Another basic instinct is to avoid eye contact when you are telling someone a lie.
These two traits emphasise the importance of eye contact when you are presenting.
Ideally, you should look each person in the eye for up to about 2 to 3 seconds, the time it takes to say a sentence or make a point. Moving randomly around the room to ensure everyone gains the benefit and feels that you are talking directly to them. With a large audience, where it is not possible to make individual eye contact, split the room into four quadrants and look to each quadrant in turn. The effect will be that everyone in that quadrant will think you are looking at him or her.
With a smaller audience, there will be some people who give better facial feedback to your eye contact than others. They will smile more and look like they are enjoying the presentation more. These are good people to look at when you first start the presentation. They will boost your confidence and calm your nerves but once you are get going and are into your stride be careful not to favour these people too much. They will get more out of your presentation but it will be to the detriment of the others.

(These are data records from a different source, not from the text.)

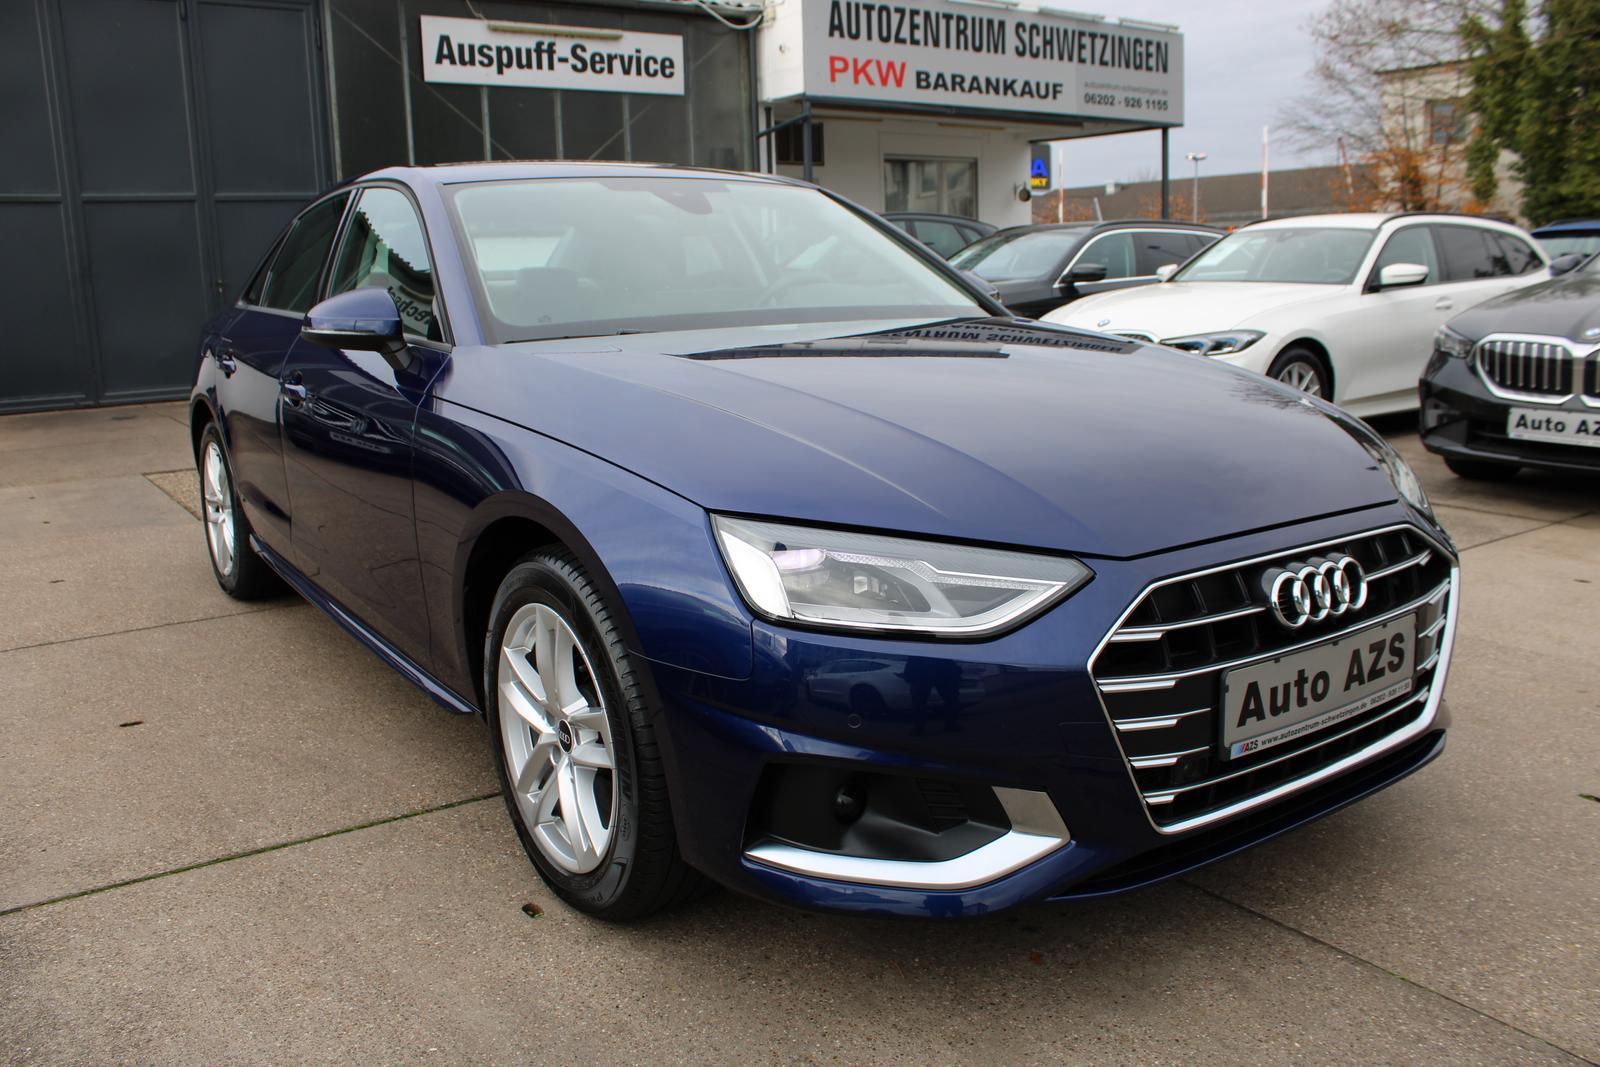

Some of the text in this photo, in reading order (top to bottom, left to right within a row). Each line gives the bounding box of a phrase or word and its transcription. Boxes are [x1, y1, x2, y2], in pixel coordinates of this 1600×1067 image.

[435, 34, 675, 79] Auspuff-Service
[828, 0, 1169, 74] AUTOZENTRUM SCHWETZINGEN
[828, 55, 1063, 101] PKW BARANKAUF
[1084, 92, 1116, 107] 06202
[1124, 96, 1143, 109] 926
[1145, 99, 1169, 111] 1155
[1516, 414, 1566, 433] Auto
[1236, 632, 1405, 728] Auto AZS

If you spot a particular individual who is looking bored, give them more eye contact for the next few minutes, hopefully they will then start to respond and pay more attention to what you are saying.

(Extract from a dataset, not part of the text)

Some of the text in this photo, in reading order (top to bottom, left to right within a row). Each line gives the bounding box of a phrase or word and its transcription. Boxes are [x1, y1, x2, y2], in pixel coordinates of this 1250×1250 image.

Of course, when you are giving a sales presentation, a useful trick is to identify the decision makers in the audience beforehand and ensure you give them the majority of your eye contact.
When I used to run half-day seminars, I would always get a lower rating from the people I did not look at much. I know now, that you have to look at everyone, not just the people who are easy to look at or who return eye contact. Be careful to look at people round the edges of the room or people who are sitting in the corners at the front, areas that you will not naturally look towards.
You can use eye contact to control an audience and their reactions. If someone looks disinterested give them more eye contact, their interest should soon pick up. By ‘more eye contact’, I do not mean stare at them, but as your eyes move apparently randomly round the room, go back to that person more often than anyone else.
To avoid question time turning into a conversation between one or two people and yourself, ensure that you give the questioner only 25% of your eye contact and the rest of the audience 75%. If you do not want a follow up question from the same person, ensure you are not looking at the questioner when you come to the last part of your answer.